Qiao Jiusheng se quedó sin palabras.

—¿Estás cuestionando mi lealtad?

Fang Yusheng parpadeó. —No me refería a eso.

—Pues yo creo que sí —se burló Qiao Jiusheng—. Dime, ¿ya has encontrado a alguien para engañarme?

Fang Yusheng se sintió agraviado.

Los dos discutieron un rato antes de sentir que aquello era bastante infantil.

—¡A dormir! ¡El que siga hablando es un cerdo! —Después de decir eso, Qiao Jiusheng cerró los ojos y dejó de hablar.

Fang Yusheng también dejó de hablar.

Tras un momento de silencio, Qiao Jiusheng oyó de repente a la persona que estaba a su lado decir con voz ahogada: —Soy un cerdo.

Qiao Jiusheng se quedó sin palabras.

Fang Yusheng admitió que era un cerdo. Se giró rápidamente y abrazó a Qiao Jiusheng. La engatusó suavemente al oído y le dijo: —¿Puedes darme una pista? Si no, ¿cómo voy a encontrarte mañana?

Qiao Jiusheng cerró la boca. No quería ser un cerdo con Fang Yusheng.

Fang Yusheng apretó los dientes ante su silencio.

—¡Está bien, no me creo que no sea capaz de encontrarte!

La noche transcurrió en silencio.

***

Al día siguiente, Fang Yusheng se despertó temprano por la mañana.

Se giró para mirar a Qiao Jiusheng, pero se dio cuenta de que no había nadie a su lado.

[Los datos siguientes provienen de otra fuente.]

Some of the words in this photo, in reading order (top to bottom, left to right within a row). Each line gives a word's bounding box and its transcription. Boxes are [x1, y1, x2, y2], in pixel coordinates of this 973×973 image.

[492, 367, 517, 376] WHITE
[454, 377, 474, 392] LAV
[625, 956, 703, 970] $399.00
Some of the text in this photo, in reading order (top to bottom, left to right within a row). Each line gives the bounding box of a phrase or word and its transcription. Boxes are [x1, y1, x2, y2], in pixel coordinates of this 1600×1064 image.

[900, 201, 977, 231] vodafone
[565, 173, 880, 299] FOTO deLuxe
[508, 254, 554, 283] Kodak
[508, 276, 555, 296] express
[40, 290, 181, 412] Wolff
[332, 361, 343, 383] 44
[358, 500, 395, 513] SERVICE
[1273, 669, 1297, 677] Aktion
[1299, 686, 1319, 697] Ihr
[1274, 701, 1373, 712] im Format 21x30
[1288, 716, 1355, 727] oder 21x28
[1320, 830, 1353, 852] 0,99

Envolviéndose en la manta, Fang Yusheng pisó descalzo la alfombra. Caminó hasta la ventana y abrió la cortina. Al mirar el verdor de la pequeña urbanización, no vio nieve. Solo entonces Fang Yusheng se sintió aliviado. Parecía que la nevada anterior había sido ligera. Hoy parecía que sería un día soleado.

No sabía si Ah Sheng tendría calor o frío hoy.

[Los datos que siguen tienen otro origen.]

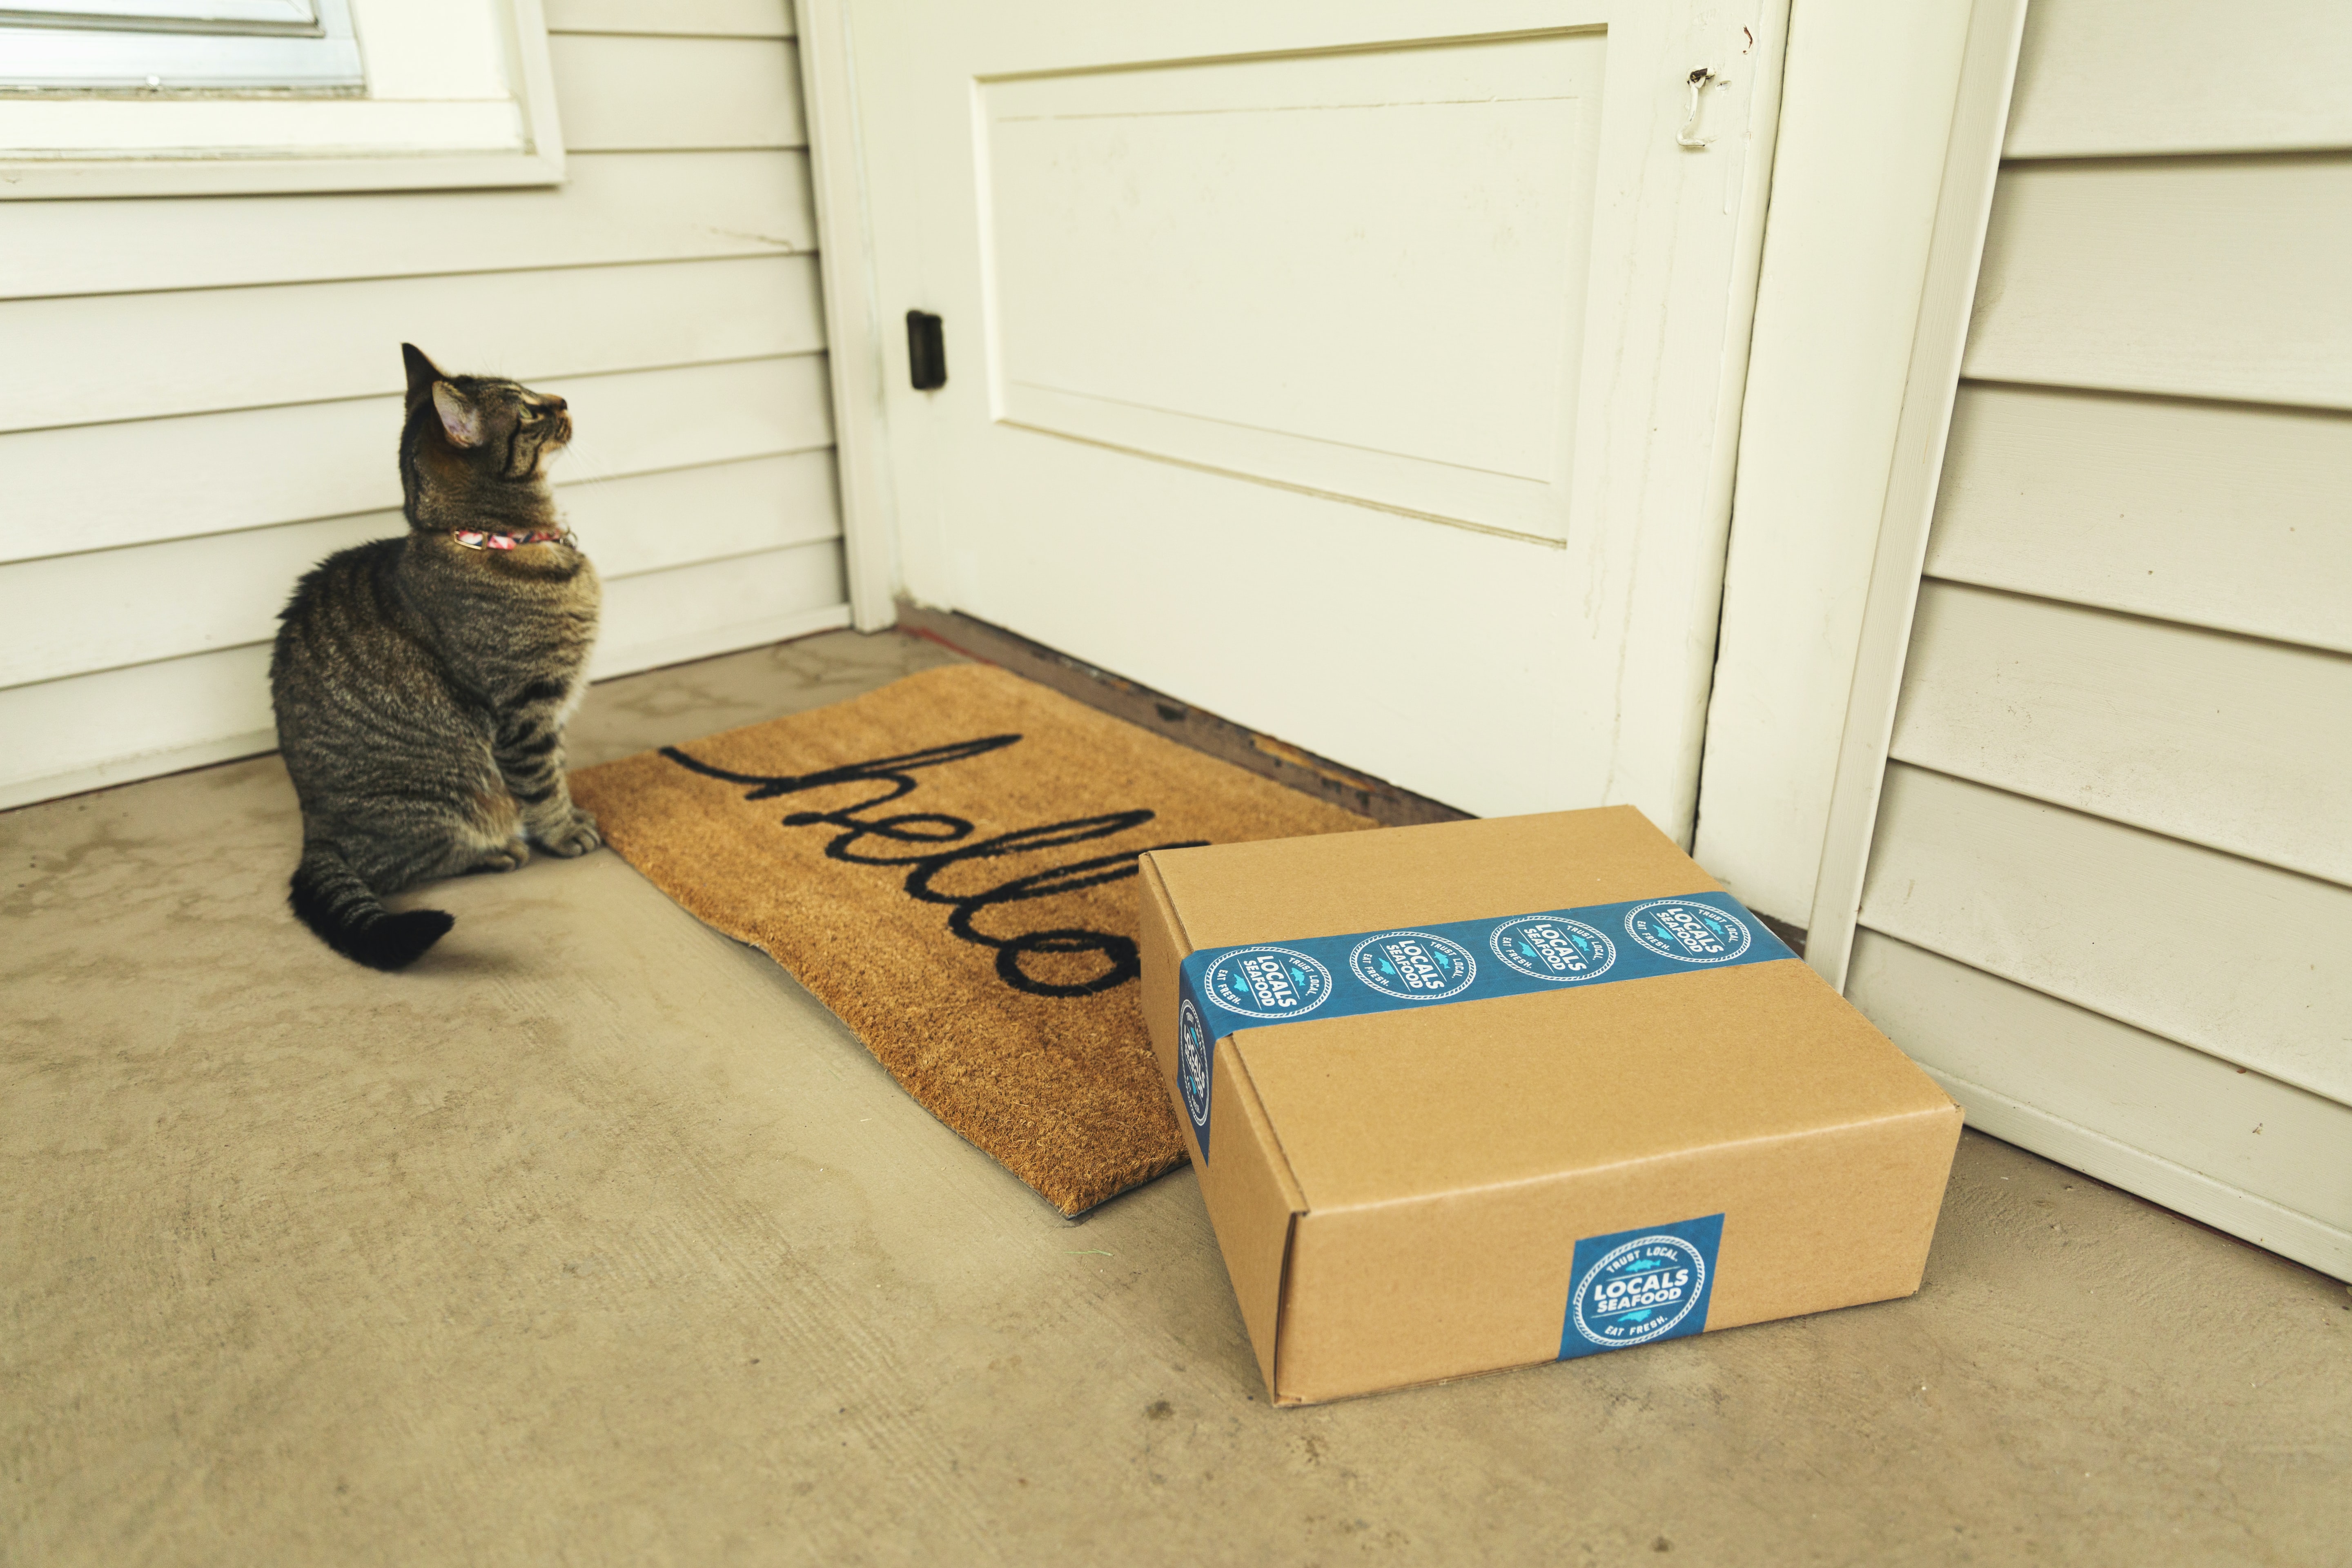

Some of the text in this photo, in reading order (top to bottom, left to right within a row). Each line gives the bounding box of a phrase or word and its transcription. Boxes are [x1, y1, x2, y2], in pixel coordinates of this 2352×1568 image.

[658, 734, 1211, 997] hello
[1567, 925, 1594, 939] TRUST
[1637, 920, 1647, 930] EAT
[1656, 912, 1703, 952] SEAFOOD
[1667, 908, 1724, 953] LOCALS
[1698, 909, 1727, 923] TRUST
[1430, 942, 1457, 956] TRUST
[1502, 937, 1512, 947] EAT
[1523, 929, 1566, 970] SEAFOOD
[1535, 924, 1587, 971] LOCALS
[1216, 969, 1228, 980] EAT
[1289, 957, 1314, 973] TRUST
[1362, 953, 1372, 964] EAT
[1386, 944, 1423, 988] SEAFOOD
[1398, 940, 1445, 989] LOCALS
[1243, 960, 1275, 1006] SEAFOOD
[1257, 956, 1297, 1007] LOCALS
[1184, 1024, 1205, 1089] LOCALS
[1185, 1043, 1203, 1098] SEAFOOD
[1606, 1250, 1640, 1273] TRUST
[1594, 1269, 1688, 1301] LOCALS
[1597, 1288, 1682, 1313] SEAFOOD
[1604, 1325, 1624, 1336] EAT

Fang Yusheng se envolvió en la manta y permaneció en silencio junto a la ventana un rato. Luego, arrojó la manta sobre la cama y abrió el armario para cambiarse de ropa.

Qiao Jiusheng había salido de su casa y había tomado un taxi hasta la casa de Wei Xin. Wei Xin abrió la puerta y vio a Qiao Jiusheng, que se había envuelto como un Bebé Gusano de Seda. Enarcó las cejas y le preguntó: —¿No ibas a tener un día romántico con tu marido? —Mientras lo decía, abrió la puerta y dejó entrar a Qiao Jiusheng.

Qiao Jiusheng juraría que, por las palabras de Wei Xin, un día romántico significaba algo no apto para niños.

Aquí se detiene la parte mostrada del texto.